In the News: Mehtaphor Opening

••• “Last night, Graffiti owner Jehangir Mehta hosted an intimate tasting for his soon to open restaurant in Tribeca Mehtaphor [in the Duane Street Hotel, right]. According to a tipster, he served, among other dishes, crab ‘pizza’ a la his zucchini pizza at Graffiti, shrimp ceviche, and oysters topped with grapefruit confit and Pop Rocks. He is hoping to open the restaurant next Wednesday.” (Eater)

••• Curbed discovered more renderings of Park51. (Sleuthy!) They’re not that interesting, actually, but one is labeled “Location: Ground Zero,” which is frustrating.

••• “Deeply troubled Anglo Irish Bank Corp. is close to achieving a modest victory in Manhattan. The bank is expected to soon set the date for the foreclosure auction for all the unsold units of beleaguered developer Yair Levy’s failed condo conversion, Rector Square in Battery Park City. The 232 units, along with the parking garage and commercial space in the residential tower, located at 225 Rector Pl., will be auctioned off in a bulk sale on Nov. 17.” (Crain’s)

••• The New York Times reviews Office Hours at the Flea: “A.R. Gurney resurrects the culture clash over dead white males in his latest play, ‘Office Hours,’ a wispy but congenial comedy structured as a series of tutorials tied to classical literature’s greatest hits.”

••• “The developer of the planned Muslim community center and mosque near ground zero hopes to finance the bulk of the $140 million project using instruments developed to allow many Muslim investors to comply with religious prohibitions on interest. The developer, Sharif el-Gamal, […] is counting on the center’s eventually having about 4,330 paying members, about half of them paying $2,700 a year for the most expensive family plan, which would include use of a planned fitness center and pool. Most of that core group, Mr. Gamal expects, would be non-Muslim neighborhood residents and commuters.” (New York Times)

••• “After 50 years in Tribeca, sculptor Mardig Kachian is leaving the neighborhood for Brooklyn and put his 7-9 Harrison St. building [left] on the market with no listing price. The 33,500-square-foot, 24-unit building, which also has a retail floor and a cellar, could be redeveloped or converted into a town house or an apartment building.” (Crain’s; longer article in the NYT)

••• Actor Lou Diamond Phillips, who is a partner in the Tribeca Grill, is planning a cooking show. (Toronto Sun)

••• T Magazine talks to designer Renate Müller: “This fall, […] R 20th Century will mount the first North American retrospective of her work.”

••• An interview with Jessimae Peluso, comedienne and bartender at Puffy’s. (CNY Link)

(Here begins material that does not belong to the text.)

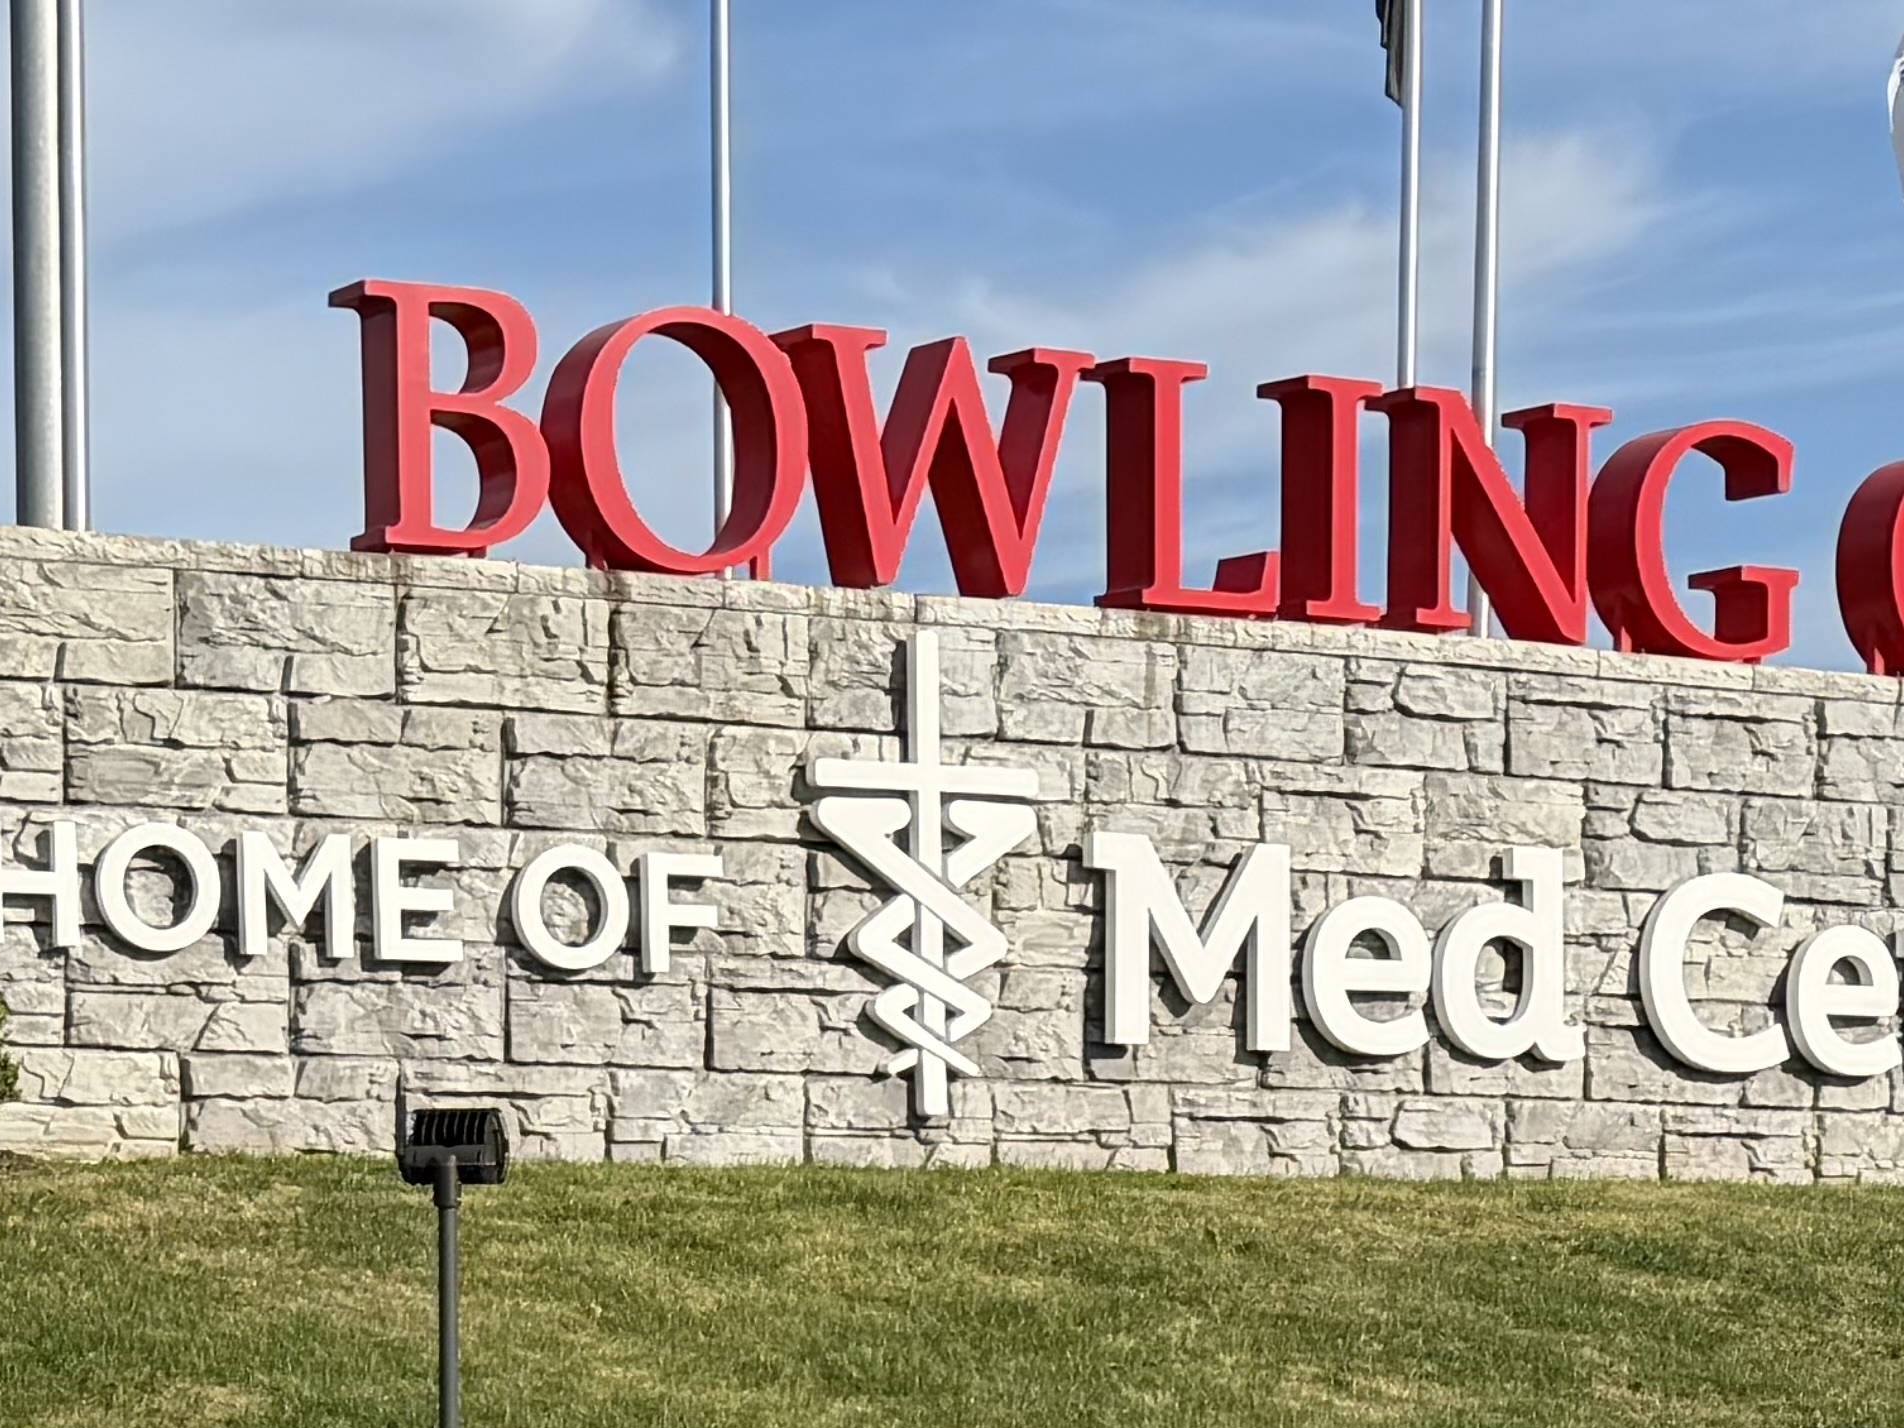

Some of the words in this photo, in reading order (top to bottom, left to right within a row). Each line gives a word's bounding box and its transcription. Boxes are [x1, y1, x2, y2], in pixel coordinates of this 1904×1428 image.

[328, 279, 1800, 664] BOWLING
[511, 843, 723, 973] OF
[1082, 831, 1587, 1061] Med
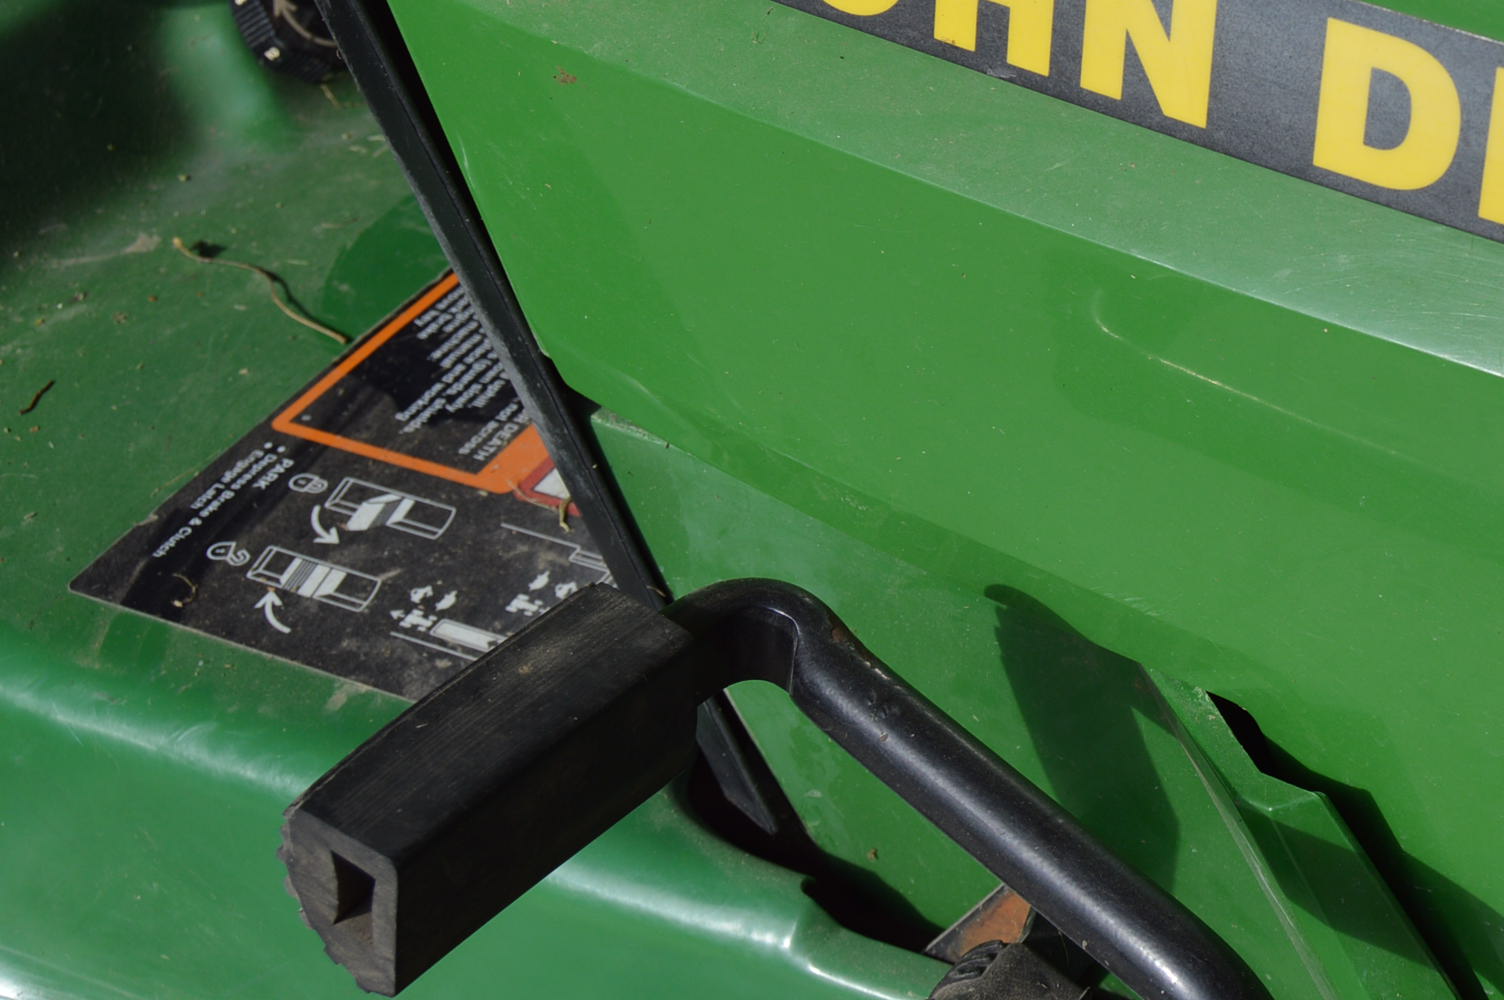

••• “Should we exclude the fashion, home, and food sections of the New York Times from our exercises in bogus-trend-spotting because so much of what passes as fashion, home, and food journalism is bogus to begin with? Or should we, like the Old Testament God, unleash our fury on these counterfeit pieces, rip out their entrails with our bare hands, and feed them to wild dogs? [Get a life. —Ed.] The Times thrusts this moral question on us today with the top story in its Thursday Styles section: ‘Heels on Wheels: These daring young women, in their stylish attire, are turning heads as they roll by.'” (Slate)

••• Up close and personal with the 20×24 Polaroid camera at 20×24 Studios. Man I’d love a shot of my dog partner with that thing. (The Phoblographer)

Dan Colen photographed by Marley Kate, courtesy BlackBook. (Apologies for the, um, vividness of it—but one reader often complains that I never run pix of naked men.)

••• BlackBook profiles artist Dan Colen: “Boxes and boxes of gum, meticulously ordered by brand and flavor, sit on a table at the entrance to Dan Colen’s Tribeca studio: Big League Chew, Dentyne, Doublemint, Eclipse, Excel, Extra, Hubba Bubba, Juicy Fruit, Trident. The air inside his high-ceilinged workspace is thick with the cloying smell of artificial fruit flavors. A small army of assistants busy themselves in front of wall-size canvasses covered with smears of boiled gum. Diamond-shaped metal studs, placed perfectly to form a light-reflecting grid, envelop an unfinished piece near the back of the room. Brightly-colored bursts of confetti have been applied to a few of the canvasses, dirt and grass stains to others.